Alice, who was inside of the tent that Aubrey was attempting to put the tarp on ends up tripping over one of the pins in the ground. She undo's it, and the tent falls apart onto an unsuspecting Alice.

"GAH!" Alice yelps, struggling around underneath the layers. Aubrey attempts to help her out, and we end up spending thirty minutes untangling Alice from the tent.

We were all tired from the two hour hike to the campsite. We encountered a snake on the way, which Abigail scared off with her singing. This was probably the only situation Emily was okay with her singing about Harry Potter, even if it was banned for this trip.

Our limbs were sore and aching, yet somehow Lorelei was perfectly fine. Everybody's tent, except for Alice and Aubrey's, had been set up. This is because Aubrey takes two minute breaks to watch edits of anime boys, and Alice has no idea what she's doing. Lorelei is too busy setting up our cooking stations, and there is a very big thunderstorm approaching.

"AUBREY!" Alice shrieks, holding up the waterproof tarp. "IF YOU DO NOT HELP ME PUT THIS ON RIGHT THIS INSTANT, WE WILL BE SOAKED AND DROWN."

Aubrey dismisses this with a wave of her hand. "Eh, I'll be fine just as long as the wifi is-" Her eyes widen, and she visibly starts to shrink, shaken. "THE WIFI JUST GOT CUT OFF! AND WE'RE TOO FAR OUT FOR MY PHONE TO PICK UP ANY SERVICE! HOW WILL I SURVIVE WITHOUT MY ANIME BOYFRIENDS!?"

"Boyfriends?!" Jolene sputters, "as in plural?!"

Lorelei stomps back to camp. "Alright guys, basically the wifi got cut because the electricity got cut. The thunderstorm that is approaching us destroyed the power line. But, anyways, Aubrey - get off your ass and apply your waterproof tarp or otherwise you'll die in your sleep."

"I DON'T CARE ANYMORE!" Aubrey complains, "KILL ME! MY LIFE IS ALREADY TOO CRUEL WITHOUT MY ANIME BOYFRIEND NUMBER FIFTY-SEVEN, SHOTO TODORO-"

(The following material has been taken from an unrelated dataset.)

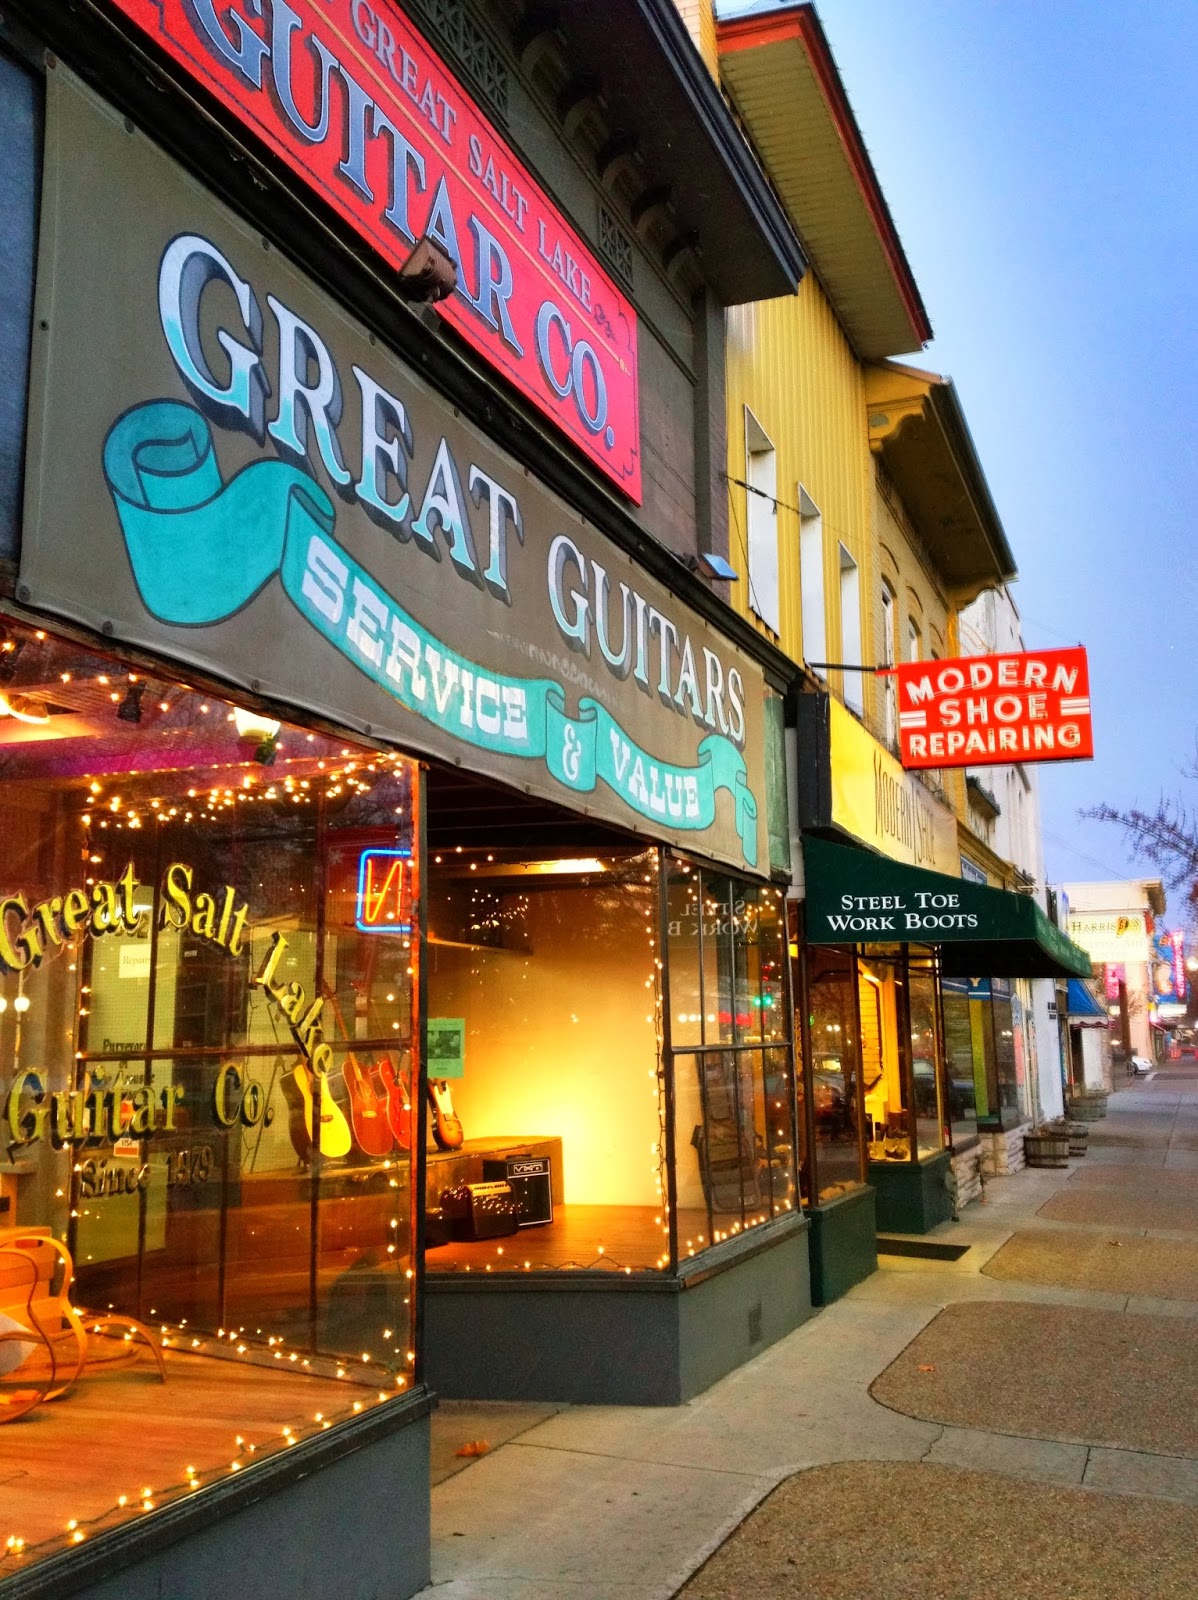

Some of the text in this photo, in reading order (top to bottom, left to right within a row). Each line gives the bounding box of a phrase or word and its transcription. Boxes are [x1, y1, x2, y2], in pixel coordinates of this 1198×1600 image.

"HOW DO YOU HAVE FIFTY SEVEN BOYFRIENDS?!" Jolene cries, "AND HOW CAN YOU POSSIBLY LIKE THAT ANY ANIME CHARACTERS AT ONCE?! ALSO, AREN'T YOU LOYAL TO LEVI OR SOMETHING?!"

"HE IS MY ANIME BOYFRIEND NUMBER TWO, DON'T WORRY, HE IS PLENTY LOVED." Aubrey spat.

"Why are we shouting?" Abigail absentmindedly asked, but the two both ignored her.

"Who's number one?" I asked in curiosity.

"The first one is... Drumroll please, ERE-"

"GUYS GET OFF YOUR LAZY ASSES AND PUT UP THE WATERPROOF TARP!" Lorelei booms. Aubrey scowls, runs off to steal the tarp from Alice - and surprisingly puts it up in less than a minute. Everybody is astounded by her camping skills.

"How are you so good at that?" Alice whined, "you let me struggle with it for over an hour!"

Aubrey suddenly looks very tired, and drained. She sits on a rock, wearily looking at us. "You see, I am just like Mikasa from Attack on Titan. When she doesn't get her daily dose of Eren, she fails. The same applies to me, when I do not get my daily dose of my one hundred and twenty four anime boyfriends every three minutes, my cerebrum starts to deplete in function."

I am surprised she even knows what the word cerebrum means.

"Do you guys want to eat something?" Abigail asks, rubbing her stomach. "I am very hungry, why hasn't anybody made dinner yet?"

Smoke bursts out of Lorelei's ears. "BECAUSE YOU KEPT ON DUMPING THE GAS FOR THE FIRE IN A TREE STUMP!"

"Does that mean that if I light a tree stump on fire, it'll cause a forest fire?"

"Yes," Jolene honestly replies. "It does, why? Oh no, don't do it-"

"I WILL BURN DOWN THE FOREST JUST LIKE HOW TO DIRECTOR IN THE GOBLET OF FIRE WANTED TO BURN DOWN THE FORBIDDEN FOREST! HAHA SUCKERS, GUESS WHAT? I'M VOLDEMORT, AVADA KEDAVRA!"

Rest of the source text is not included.